*** Stored data ***
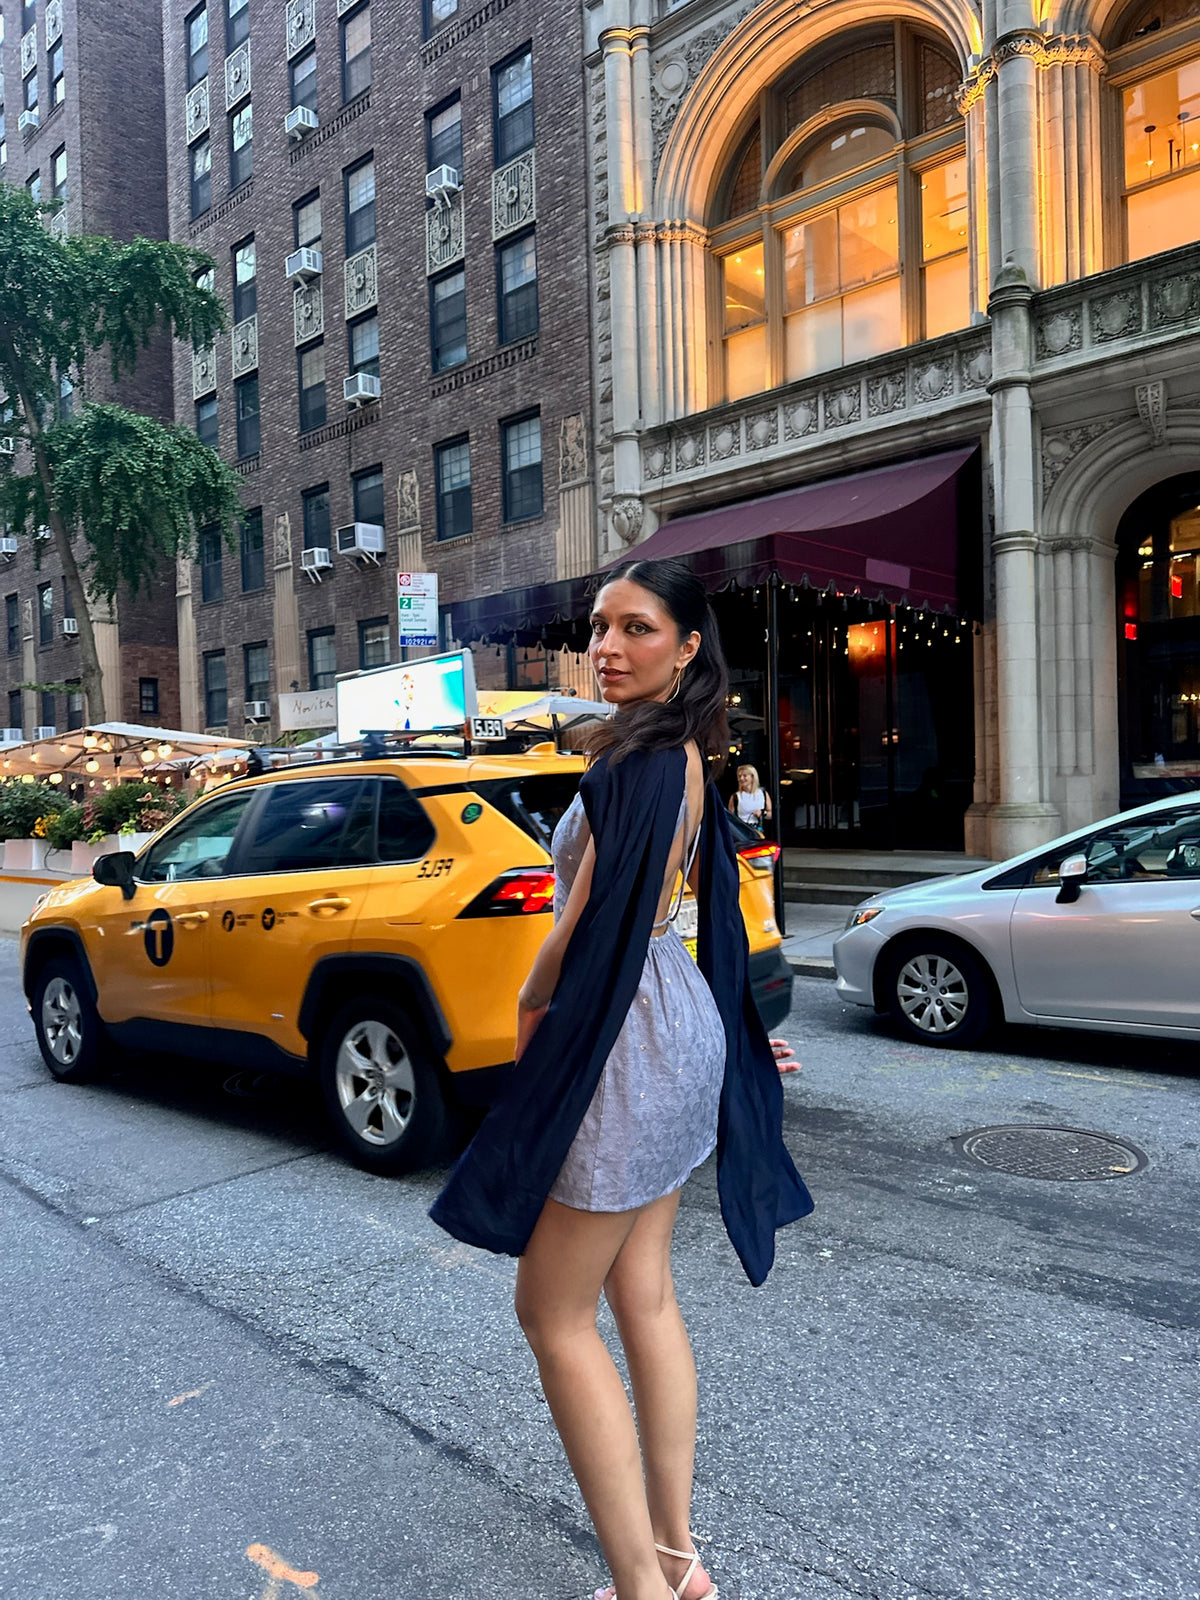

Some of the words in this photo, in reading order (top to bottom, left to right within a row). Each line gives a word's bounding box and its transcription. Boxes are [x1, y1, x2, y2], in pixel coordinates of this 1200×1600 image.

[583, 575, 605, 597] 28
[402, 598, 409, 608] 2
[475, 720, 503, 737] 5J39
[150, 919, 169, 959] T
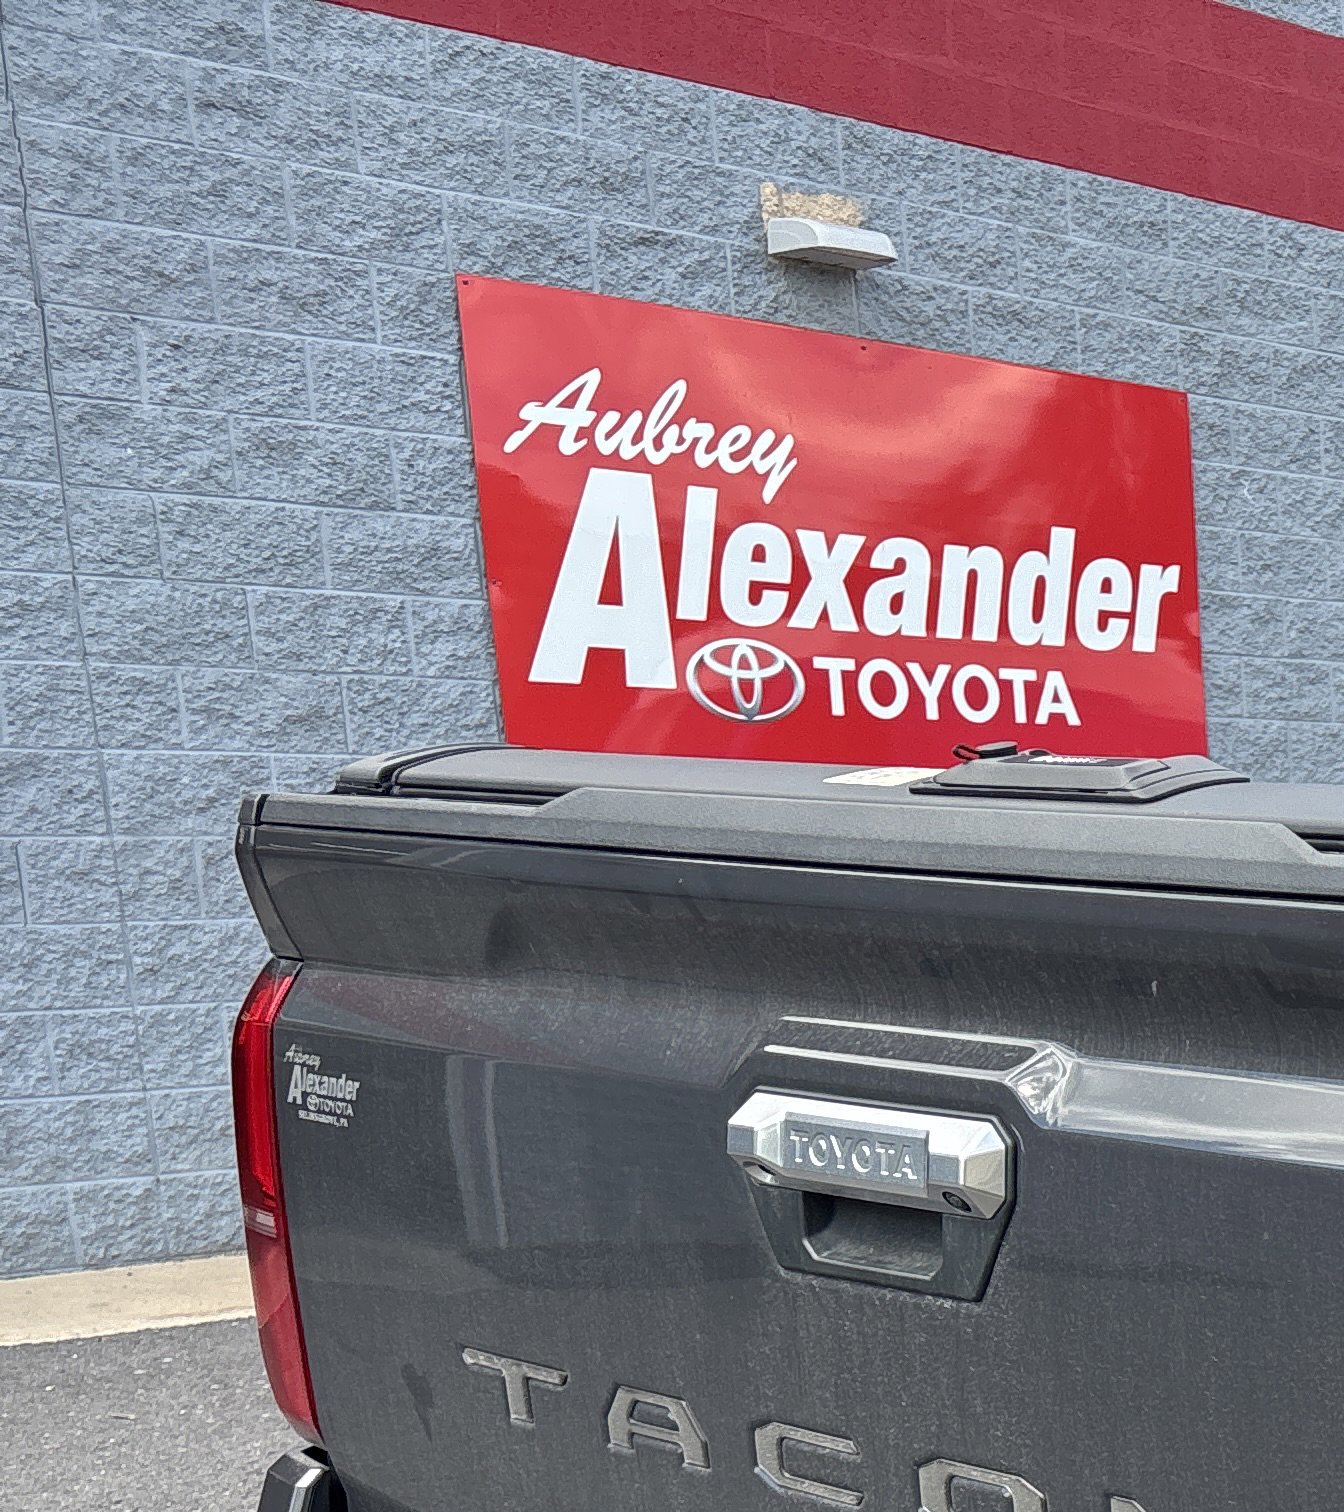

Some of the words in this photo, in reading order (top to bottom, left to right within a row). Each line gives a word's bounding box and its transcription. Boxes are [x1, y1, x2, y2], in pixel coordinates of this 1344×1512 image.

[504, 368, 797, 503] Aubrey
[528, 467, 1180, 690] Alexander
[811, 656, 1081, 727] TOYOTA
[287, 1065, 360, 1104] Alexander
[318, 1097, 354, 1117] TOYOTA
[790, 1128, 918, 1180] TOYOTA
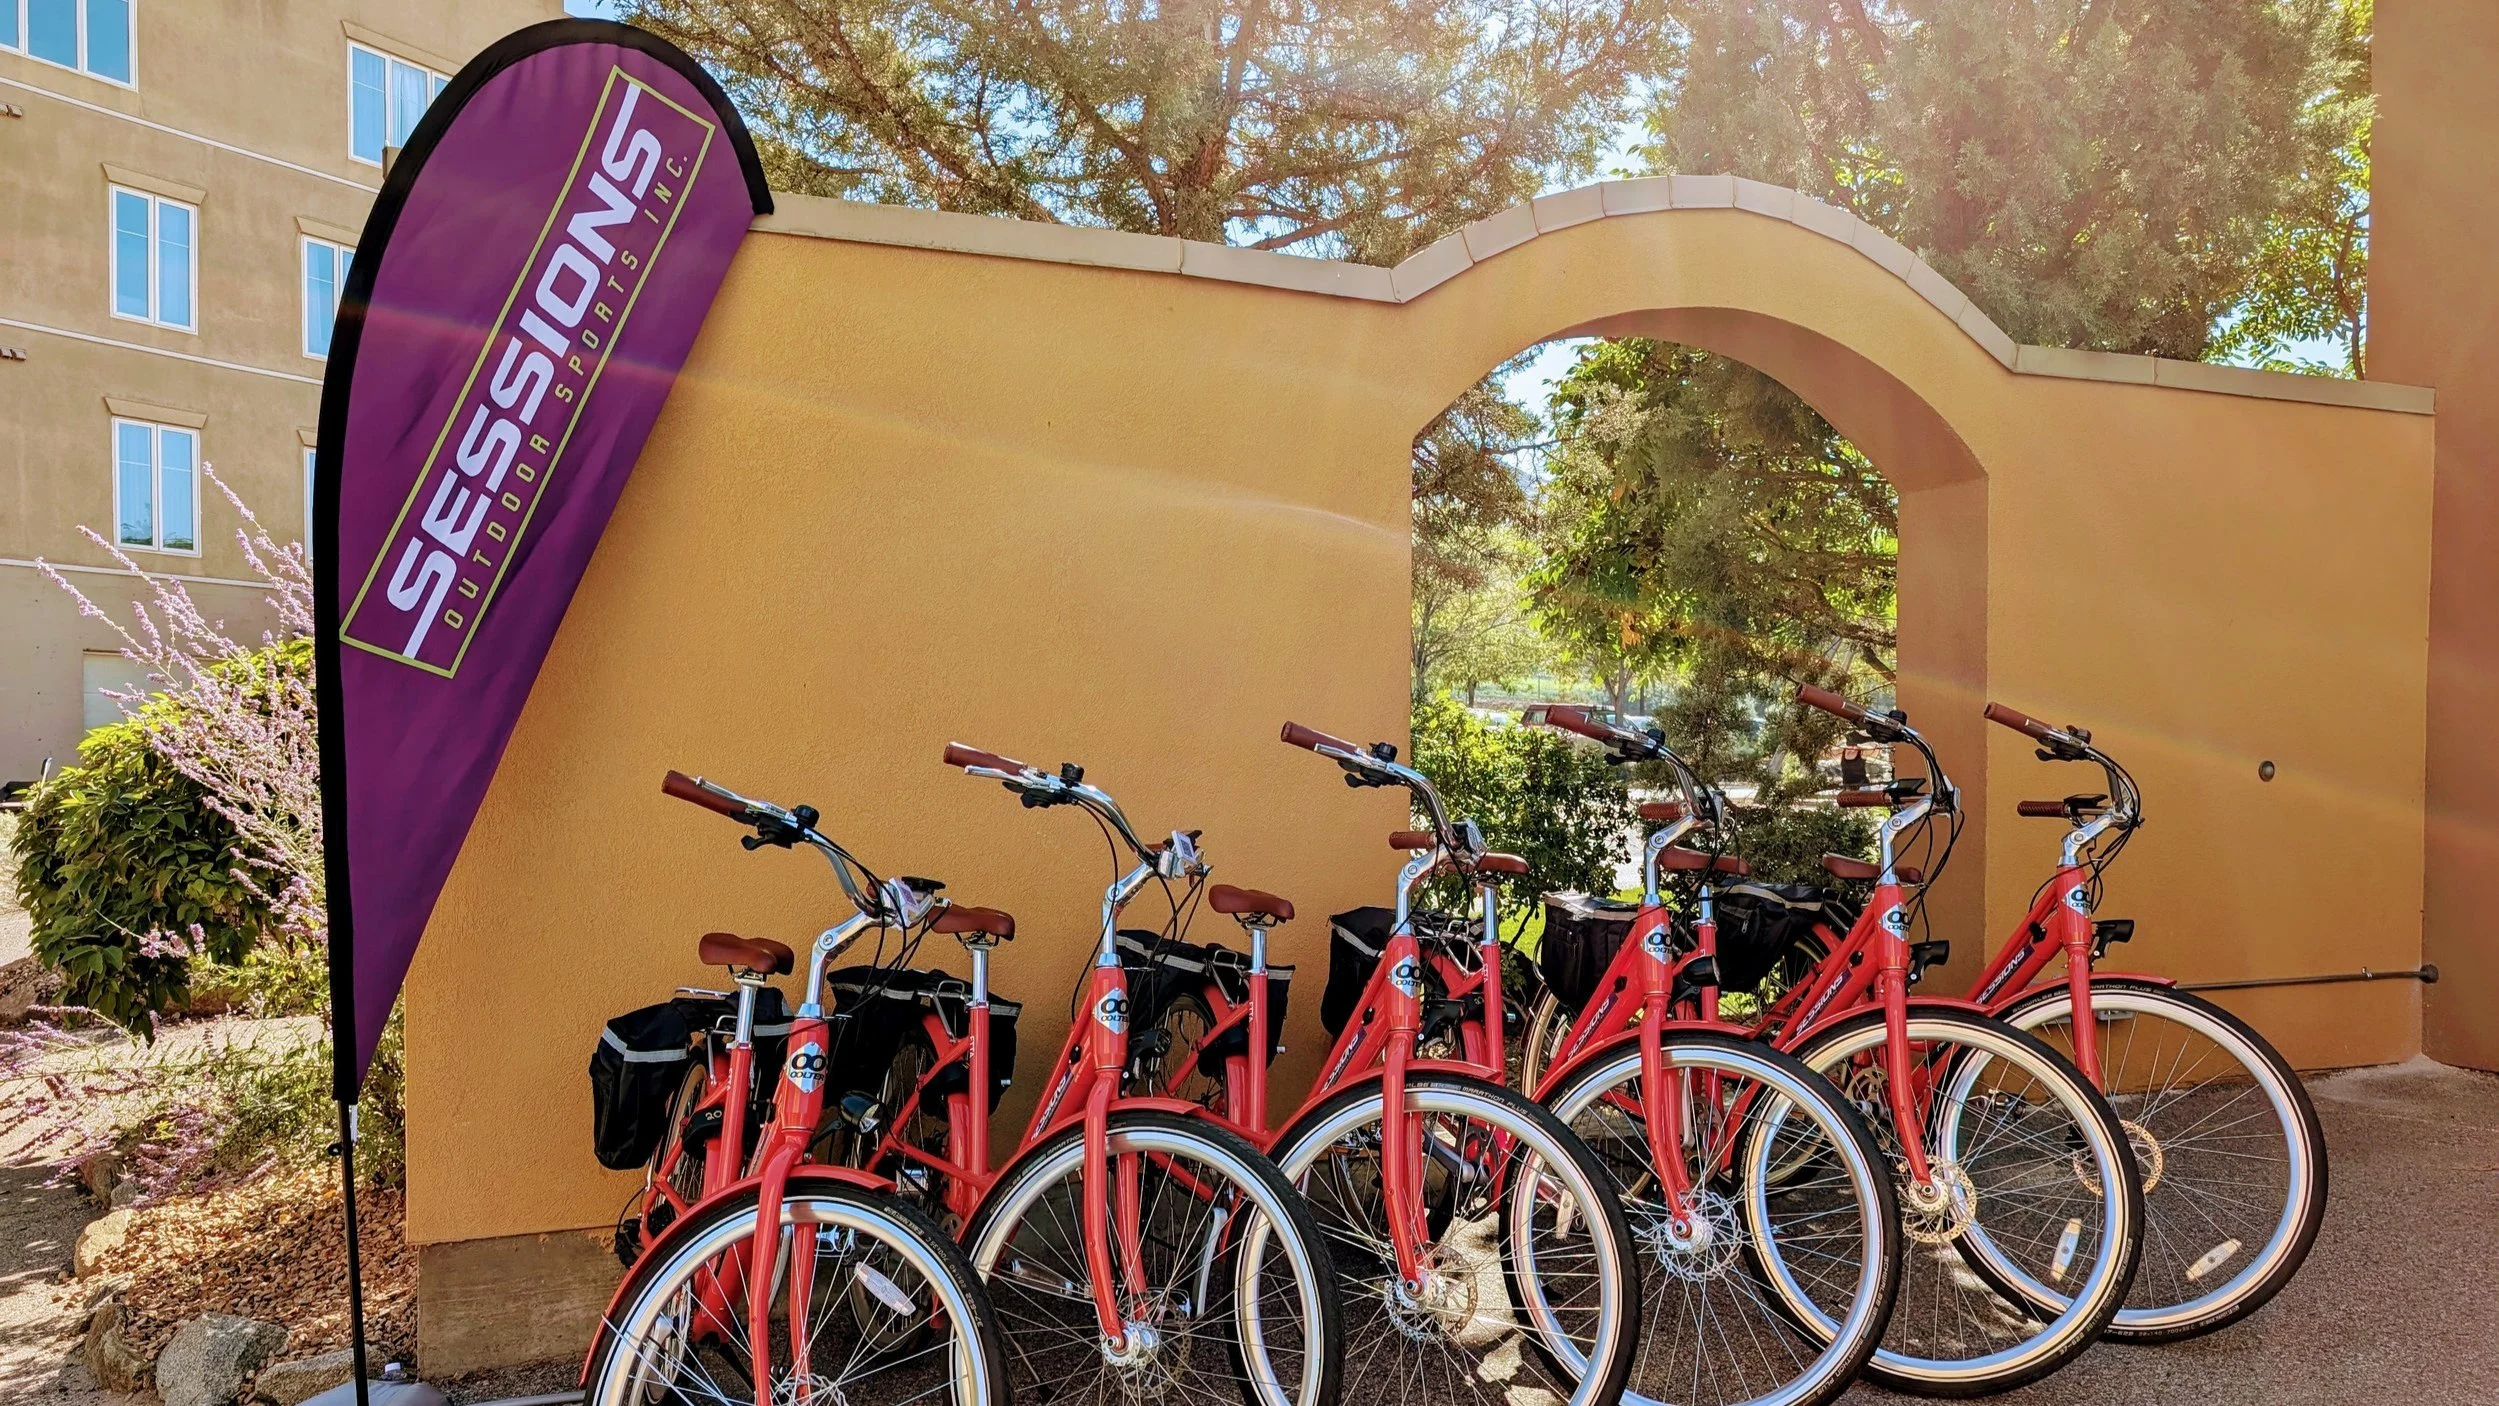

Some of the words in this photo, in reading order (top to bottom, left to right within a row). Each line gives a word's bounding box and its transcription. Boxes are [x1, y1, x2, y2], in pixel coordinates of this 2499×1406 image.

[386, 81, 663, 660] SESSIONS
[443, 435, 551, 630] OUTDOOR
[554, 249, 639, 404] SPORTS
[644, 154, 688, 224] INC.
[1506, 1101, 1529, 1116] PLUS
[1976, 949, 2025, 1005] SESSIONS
***
## Task objective
Set out every record exactly, images excluded.

## Result of the task
Some of the words in this photo, in reading order (top to bottom, left to right within a row). Each line gives a word's bounding box and its transcription. Boxes are [x1, y1, x2, y2], in pixel coordinates of this 1200×1600 image.

[583, 575, 605, 597] 28
[402, 598, 409, 608] 2
[475, 720, 503, 737] 5J39
[150, 919, 169, 959] T

Some of the words in this photo, in reading order (top to bottom, left to right within a row). Each line gives a word's bounding box and its transcription. Boxes are [x1, y1, x2, y2], in pixel coordinates of this 1344×1512 image.

[504, 368, 797, 503] Aubrey
[528, 467, 1180, 690] Alexander
[811, 656, 1081, 727] TOYOTA
[287, 1065, 360, 1104] Alexander
[318, 1097, 354, 1117] TOYOTA
[790, 1128, 918, 1180] TOYOTA

Some of the words in this photo, in reading order (top to bottom, left to right within a row). Each line gives a word's bounding box and its transcription. Boxes are [x1, y1, x2, y2], in pixel coordinates of this 2499×1406 image.

[386, 81, 663, 660] SESSIONS
[443, 435, 551, 630] OUTDOOR
[554, 249, 639, 404] SPORTS
[644, 154, 688, 224] INC.
[1506, 1101, 1529, 1116] PLUS
[1976, 949, 2025, 1005] SESSIONS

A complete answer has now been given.